ウイスキーを一口舐めたところで、不意に、スピーカーから少し低めの声が聞こえてきた。
「楽しんでる、……さん?」
言葉の後ろに微かにかすれて聞こえたのは、ひとりのハンドルネームだ。名前を呼ばれたのは黒猫のアイコンの彼女。「はえっ」とちょっと間の抜けた声を上げた彼女は、すぐにはきはきとした声で答えた。
「もちろんですよ。皆さんとおしゃべりできて、楽しいです」
そういえば、彼女がいつからか話に加わっていなかったことに今更ながら気づいた。すぐに返事をしたことから、席を外していたわけでもないだろうに。
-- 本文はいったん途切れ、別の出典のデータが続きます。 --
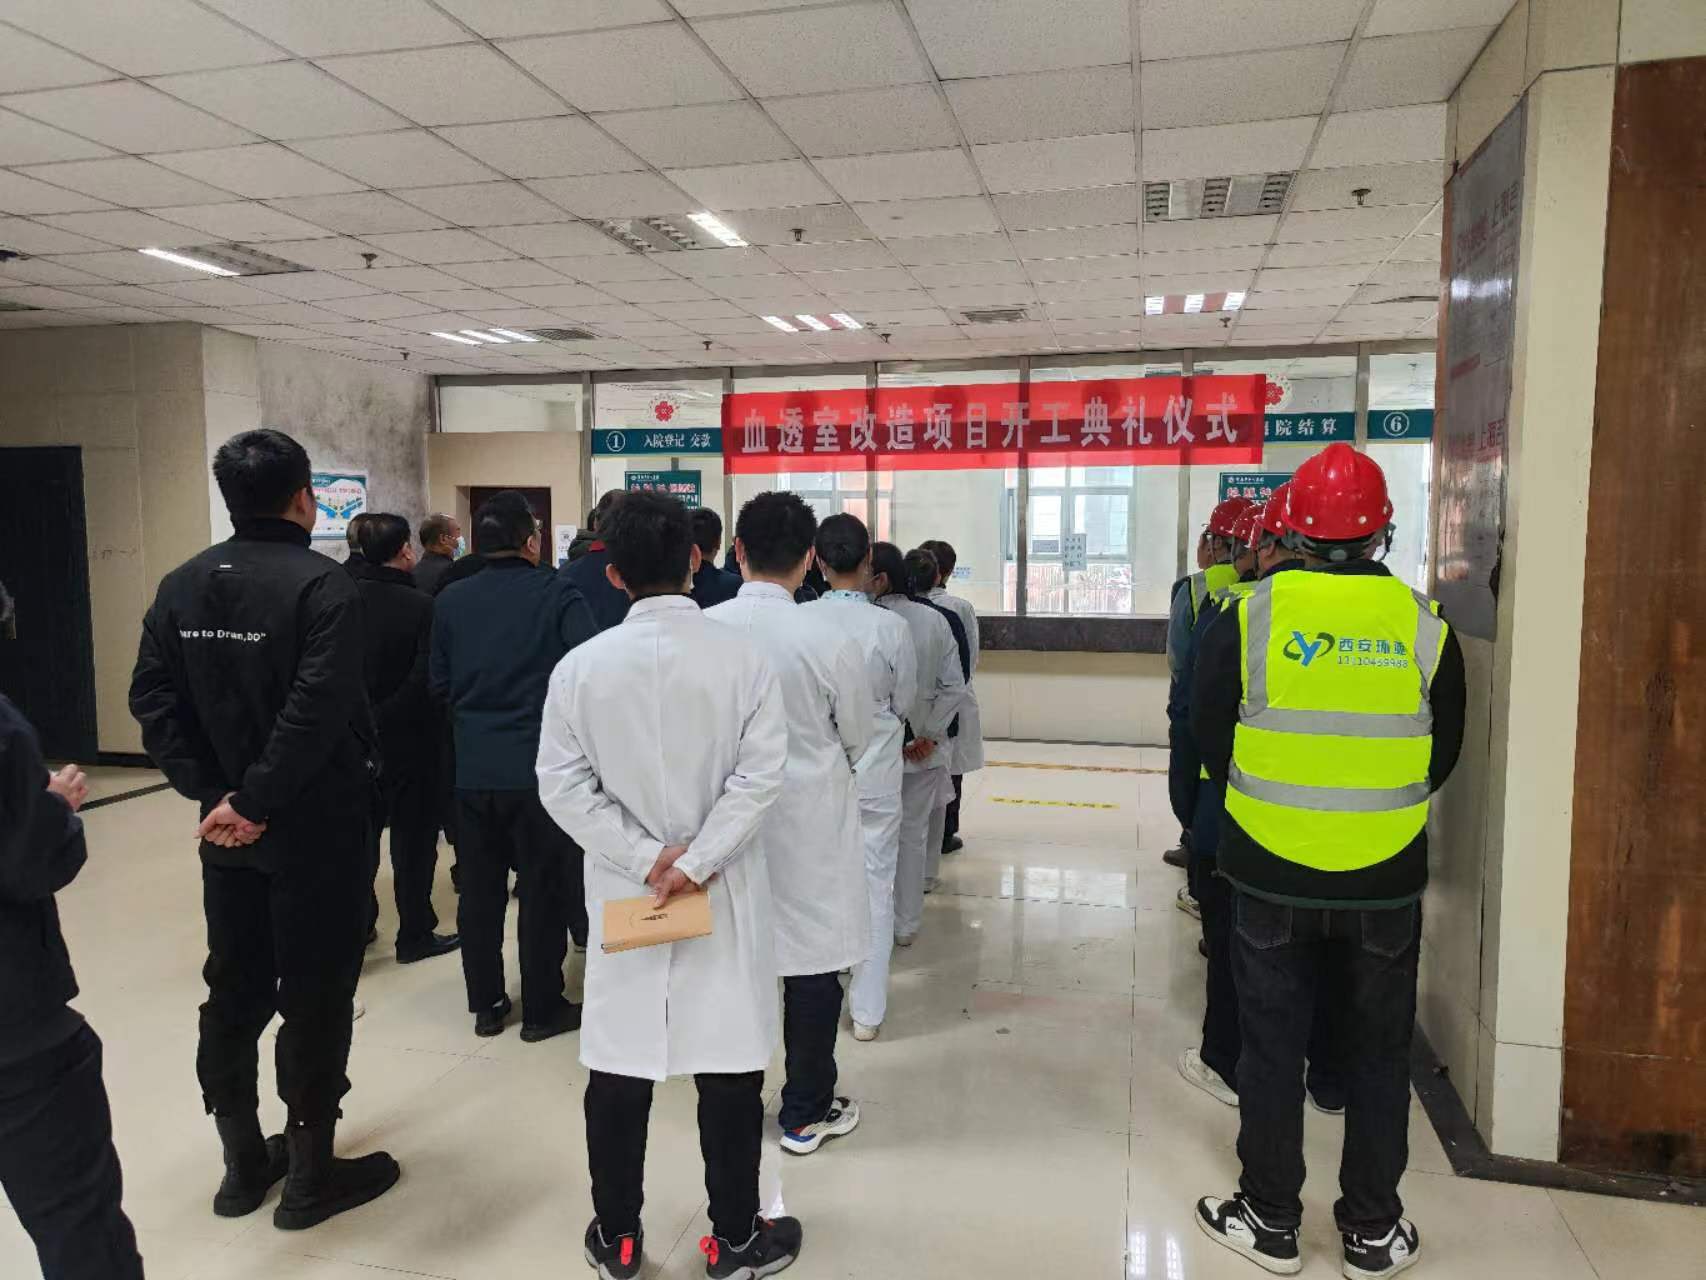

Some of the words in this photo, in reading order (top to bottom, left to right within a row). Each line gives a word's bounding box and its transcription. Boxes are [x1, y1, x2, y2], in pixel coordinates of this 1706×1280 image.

[741, 392, 1239, 454] 血透室改造项目开工典礼仪式
[202, 629, 215, 638] to
「ならよかった。さっきから黙ってるみたいだったから」
「皆さんのお話を聞いてたんです」
「あ、オフ会やるなら来る?」
「もちろん今の状態じゃいつになるかはわかんないけどさ」
「このメンバーなら誰が来ても楽しくやれそうだよね」
「そうそう! 上手い飯屋知ってるからさあ」
そのまま、ぽんぽんとあちこちから言葉が飛んでくる。だから、誰も気づかなかったのかもしれない。黒猫の彼女が、問いかけに答えていなかったことを。